_Work required_
Give back the line containing "this 1250×1875 image." along with every line after it, exactly, until the entries end.

Items from a dataset
* * *
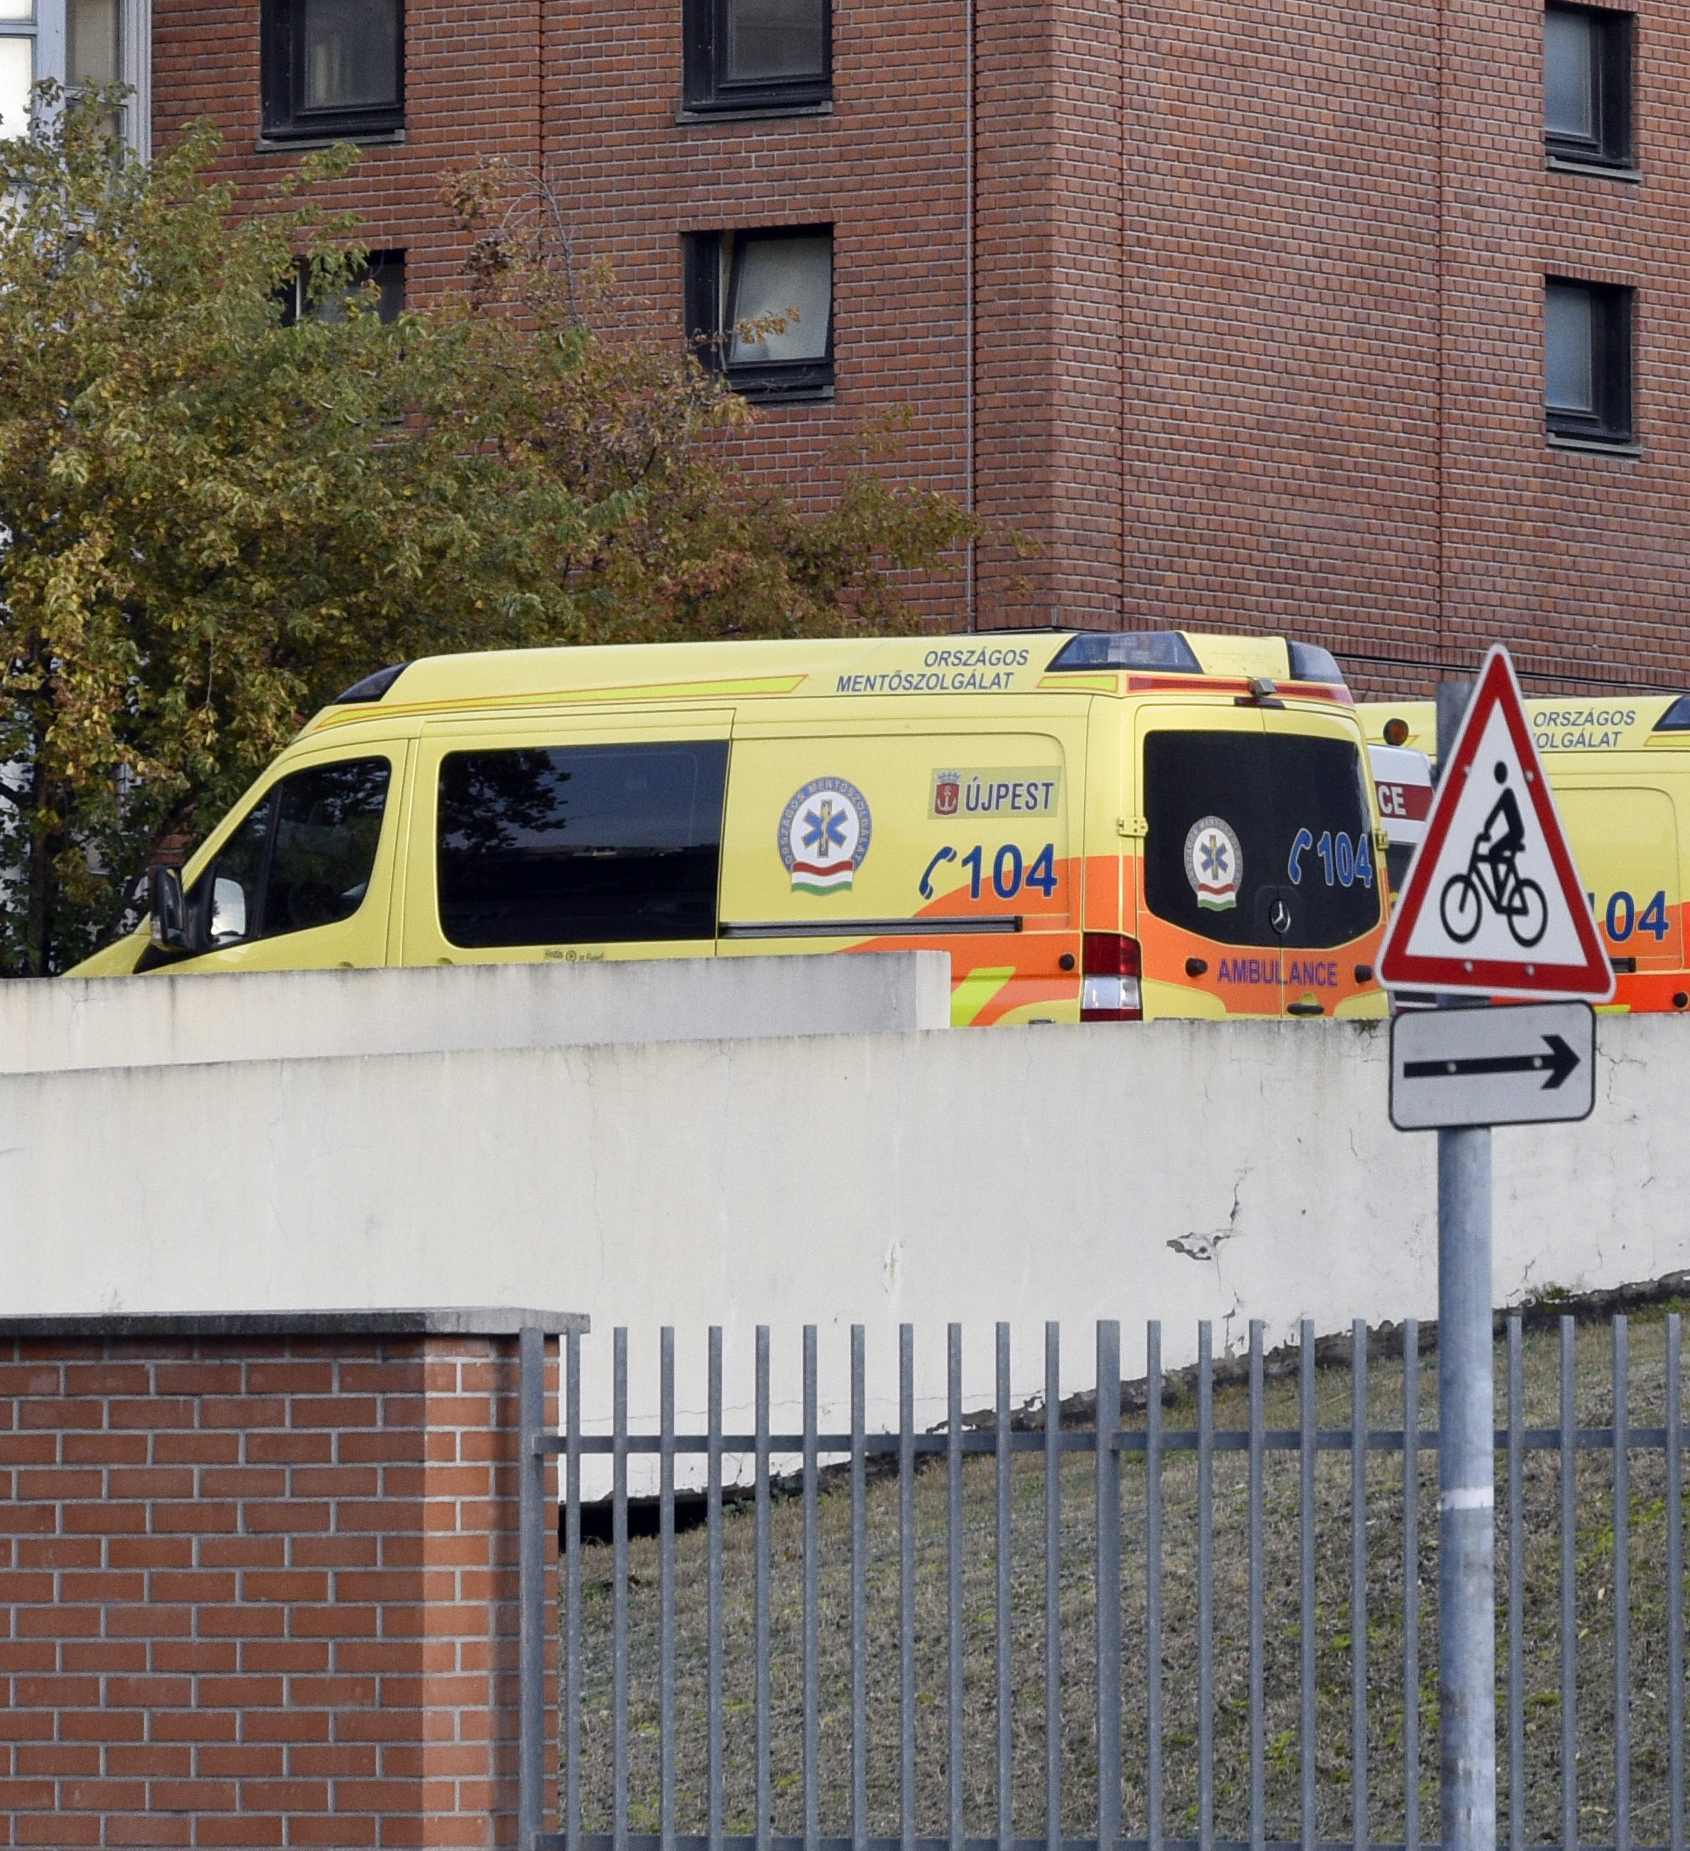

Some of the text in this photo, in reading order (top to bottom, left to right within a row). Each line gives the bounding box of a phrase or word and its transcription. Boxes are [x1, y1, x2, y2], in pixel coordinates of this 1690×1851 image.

[923, 646, 1030, 668] ORSZÁGOS
[836, 669, 1014, 693] MENTŐSZOLGÁLAT
[1533, 708, 1636, 728] ORSZÁGOS
[1534, 728, 1622, 748] OLGÁLAT
[965, 776, 1054, 812] ÚJPEST
[961, 843, 1058, 899] 104
[1317, 831, 1373, 889] 104
[1217, 958, 1338, 987] AMBULANCE
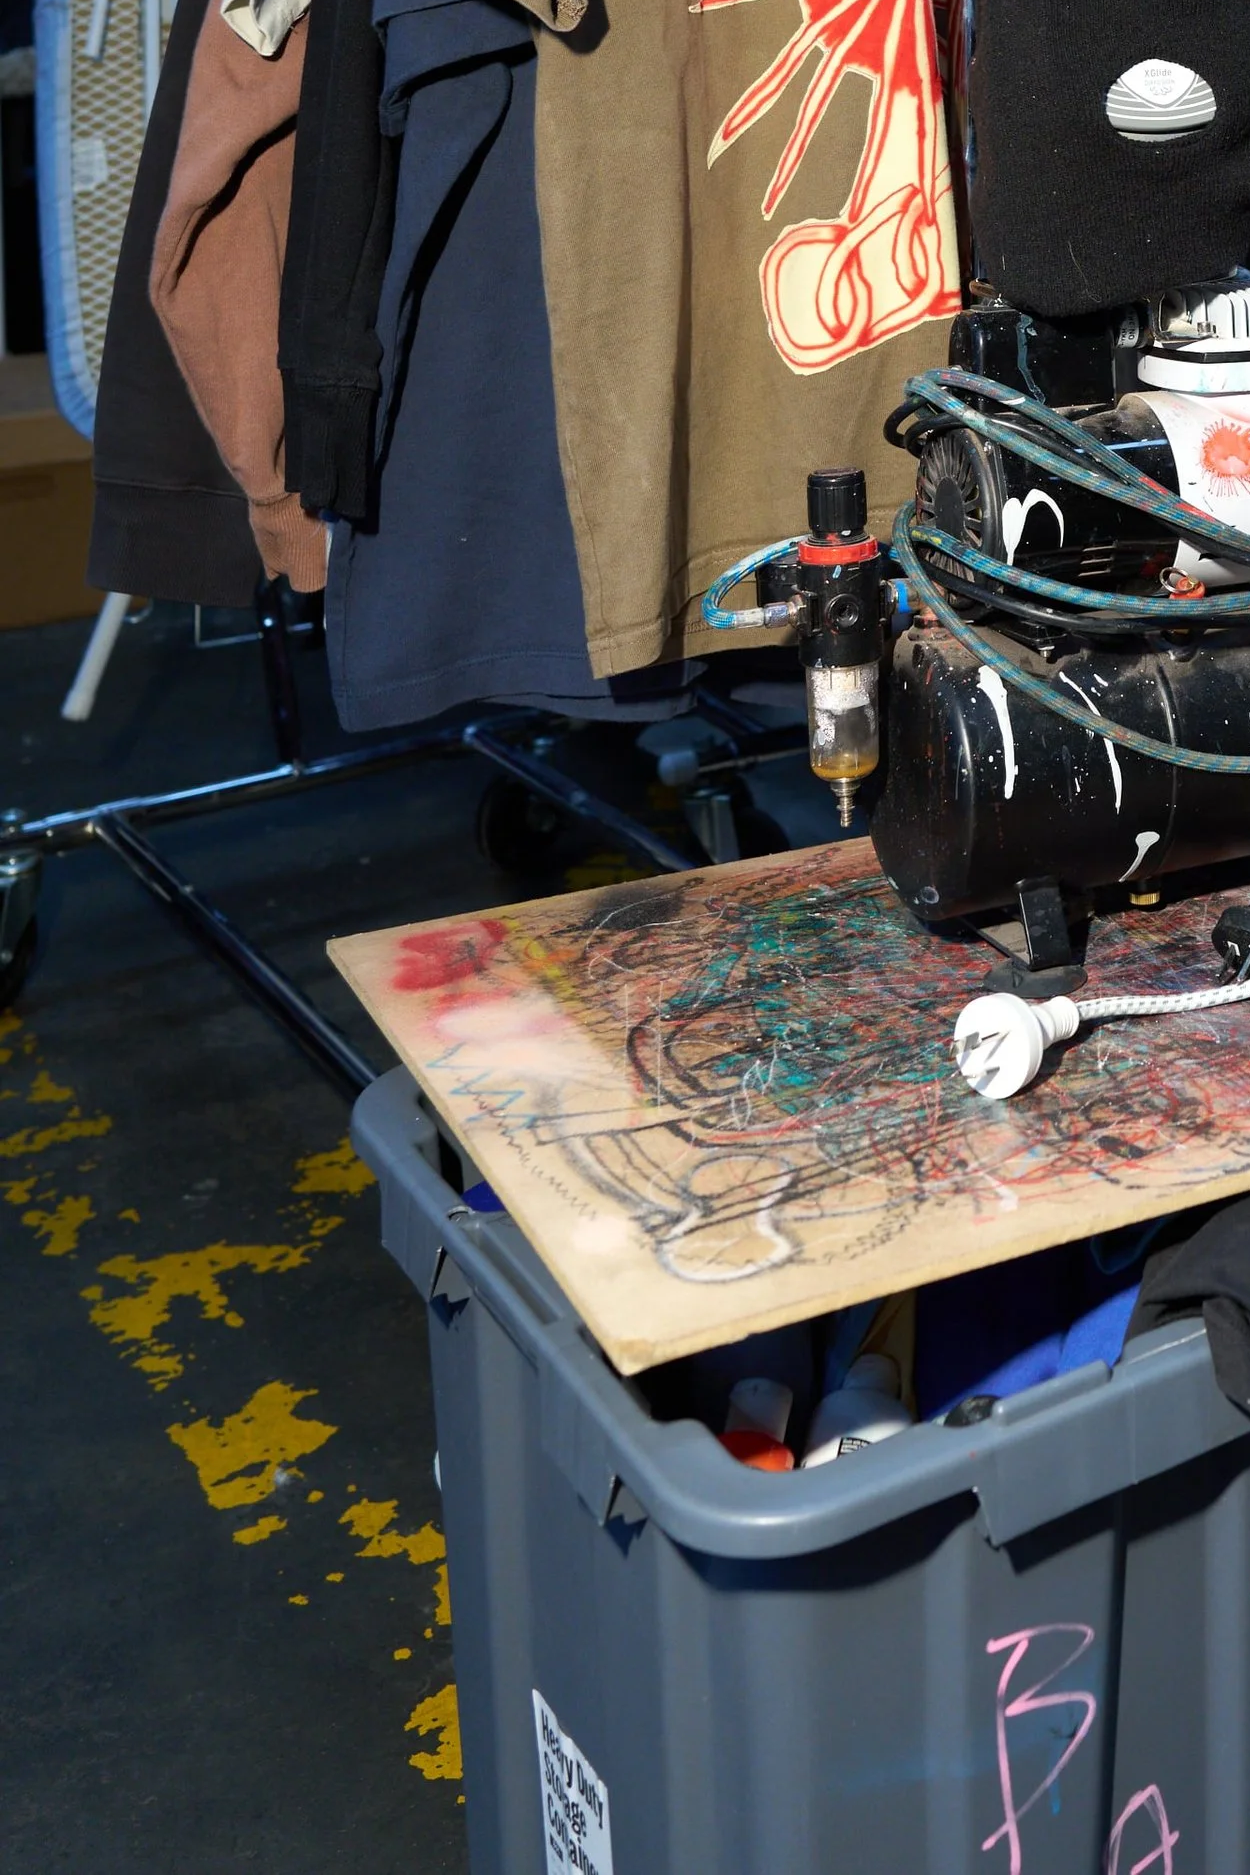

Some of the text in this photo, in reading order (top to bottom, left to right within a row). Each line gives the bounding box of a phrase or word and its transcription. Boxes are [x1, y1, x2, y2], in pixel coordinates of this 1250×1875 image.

[543, 1750, 588, 1839] Stoage
[548, 1794, 601, 1875] Conain
[576, 1758, 605, 1830] Duty
* * *
_Output of the task_
Some of the text in this photo, in reading order (top to bottom, left to right within a row). Each line gives the bounding box of a phrase or word and its transcription. Boxes are [x1, y1, x2, y2], in pixel coordinates of this 1250×1875 image.

[543, 1750, 588, 1839] Stoage
[548, 1794, 601, 1875] Conain
[576, 1758, 605, 1830] Duty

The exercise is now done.